I work in a customer service type role so I never try to go off on the person giving the information. That admin has no say whatsoever in the problem or the solution. But boy was it tough.
But this did make me think. I am an Account Manager for a printer. My job involves working with my clients to develop their printing needs - working out ideas, discusssing the best way to handle the job, coorinating printing, copy-editing all materials, and ensuring the job delivers to it's destination - which can be anywhere from inside the city limits to China. I enjoy my job. It is very very techie, in terms of the day to day function. But if our "system" went down, I assure you, I would still do my job. You want to know why? Because there is this thing called paper and this other thing called a pen. Therefore, I can fully take down all specifics of my clients job without my "system" to ensure that my job is done whether or not my computer works. Now, to be honest, the rest of the job could not happen without computer technology. I send the specs to our prepress department who format and pretty up the job and then network that on our to production. So yes, in theory, my job hinges on a computer as well.

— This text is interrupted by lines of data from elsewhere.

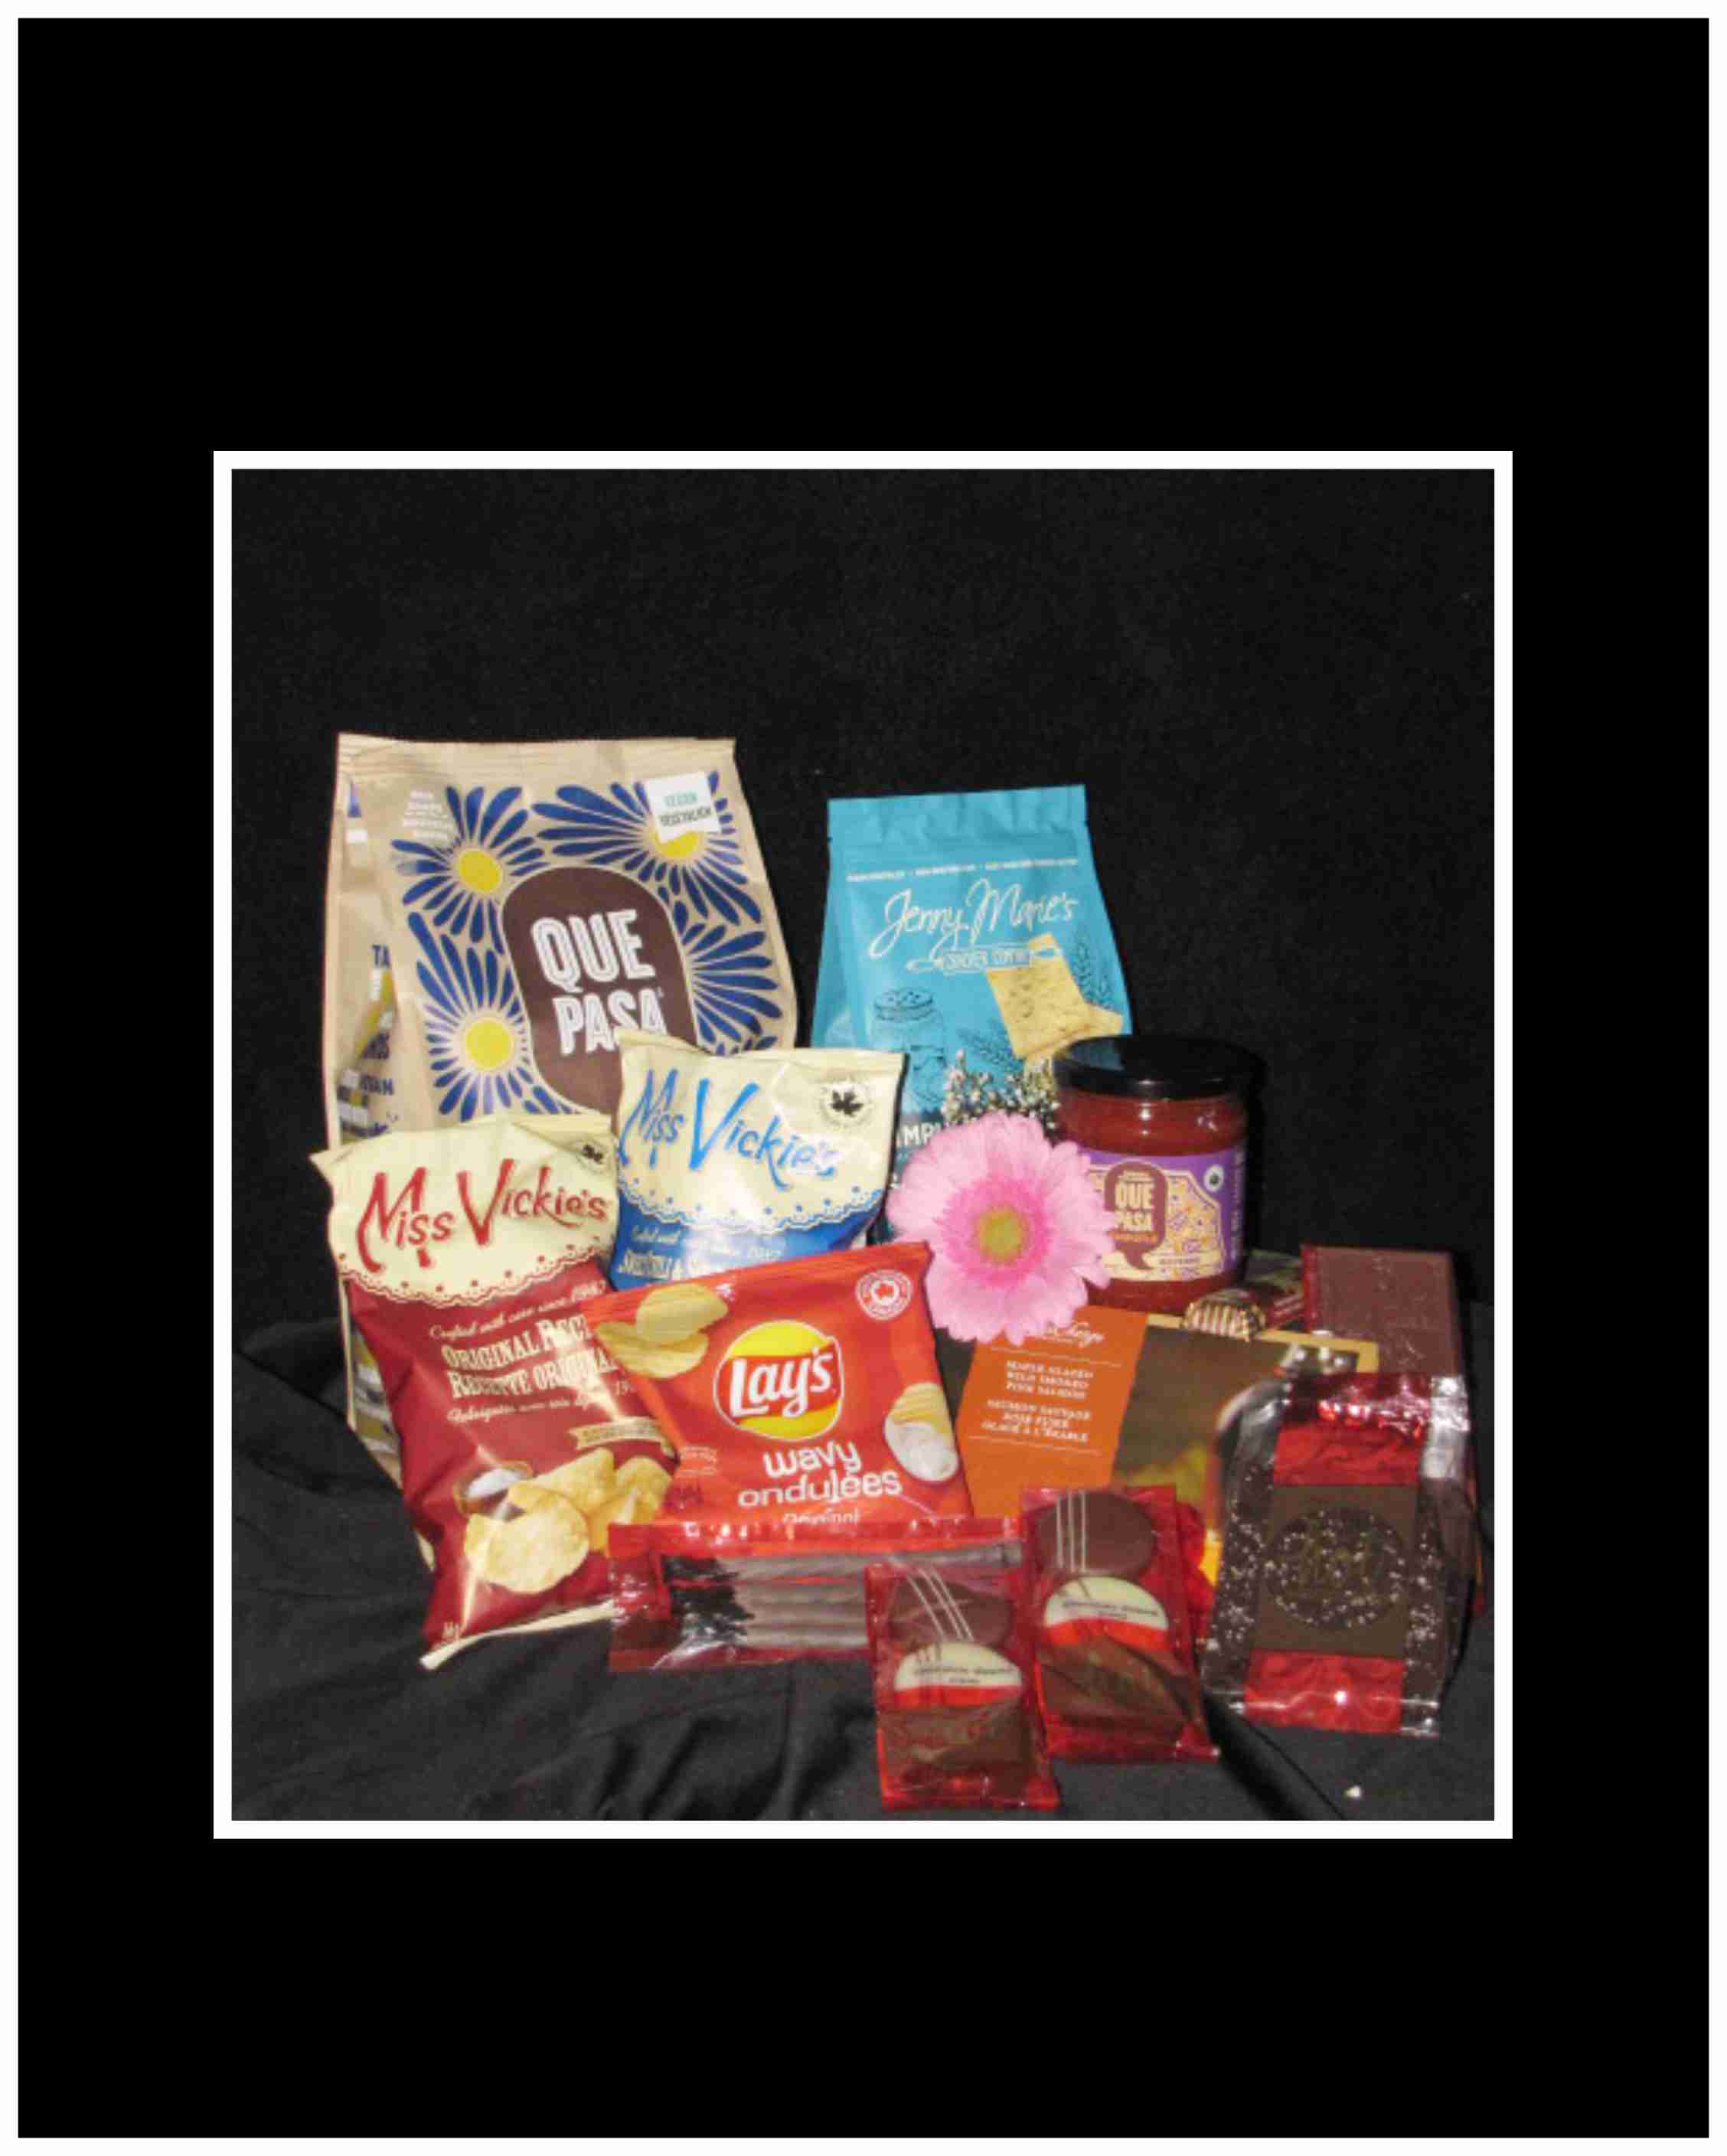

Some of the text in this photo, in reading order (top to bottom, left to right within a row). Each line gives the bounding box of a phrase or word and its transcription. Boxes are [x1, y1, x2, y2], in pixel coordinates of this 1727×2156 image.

[531, 909, 657, 995] QUE
[868, 878, 1078, 960] Jenny Marie's
[552, 989, 668, 1056] PASA
[618, 1069, 684, 1170] Miss
[688, 1077, 840, 1191] Vickie's
[357, 1158, 608, 1274] Miss Vickie's
[1115, 1183, 1154, 1210] QUE
[729, 1345, 834, 1419] Lay's
[737, 1468, 903, 1508] ondulées
[762, 1440, 863, 1478] wavy

How about your job? Is it similar? Can the full scope of your job happen without a "system?" I imagine not. This is a problem. We have advanced ourselves to the point that without a system we cannot function, and it goes well beyond our day-to-day jobs. How about at home? No phone, no internet, no TV? Oh no! What will you do! No microwave, no toaster, no oven! Oh no! What will you eat? And let's not even get on dishwashers and washing machines. I would shoot myself this very second if I had to hand wash and hang clothes out to dry - wouldn't you? So interesting how dependant we are on all the little "extras" that make our life easier.
But, all the same, I'm still pissed off at the doctor's office. :)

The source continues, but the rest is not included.